(Record set):
++++++++
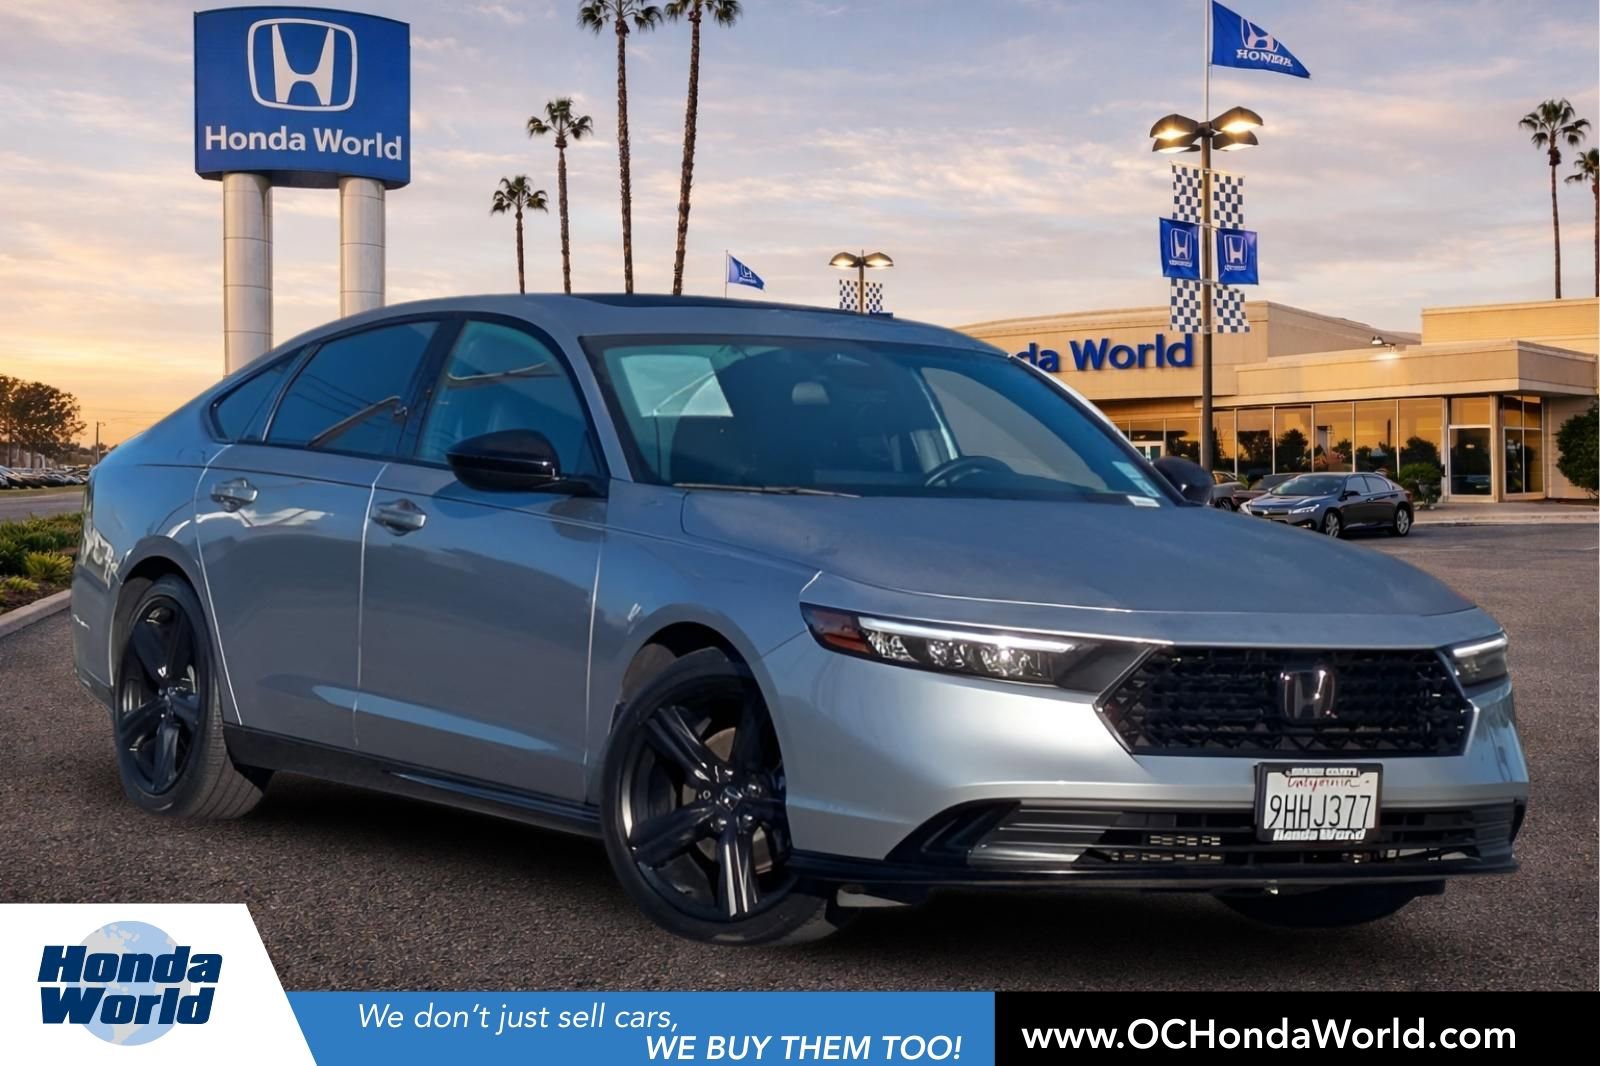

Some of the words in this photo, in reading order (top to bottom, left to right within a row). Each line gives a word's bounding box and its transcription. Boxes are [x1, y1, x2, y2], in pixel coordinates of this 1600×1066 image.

[205, 125, 306, 151] Honda
[313, 127, 402, 160] World
[1069, 333, 1195, 371] World
[1268, 794, 1371, 829] 9HHJ377
++++++++
Reproduce the listing exactly. Do not include its images.

(Task response):
Some of the words in this photo, in reading order (top to bottom, left to right within a row). Each line gives a word's bounding box and its transcription. Boxes are [x1, y1, x2, y2], in pixel coordinates of this 1600×1066 image.

[205, 125, 306, 151] Honda
[313, 127, 402, 160] World
[1069, 333, 1195, 371] World
[1268, 794, 1371, 829] 9HHJ377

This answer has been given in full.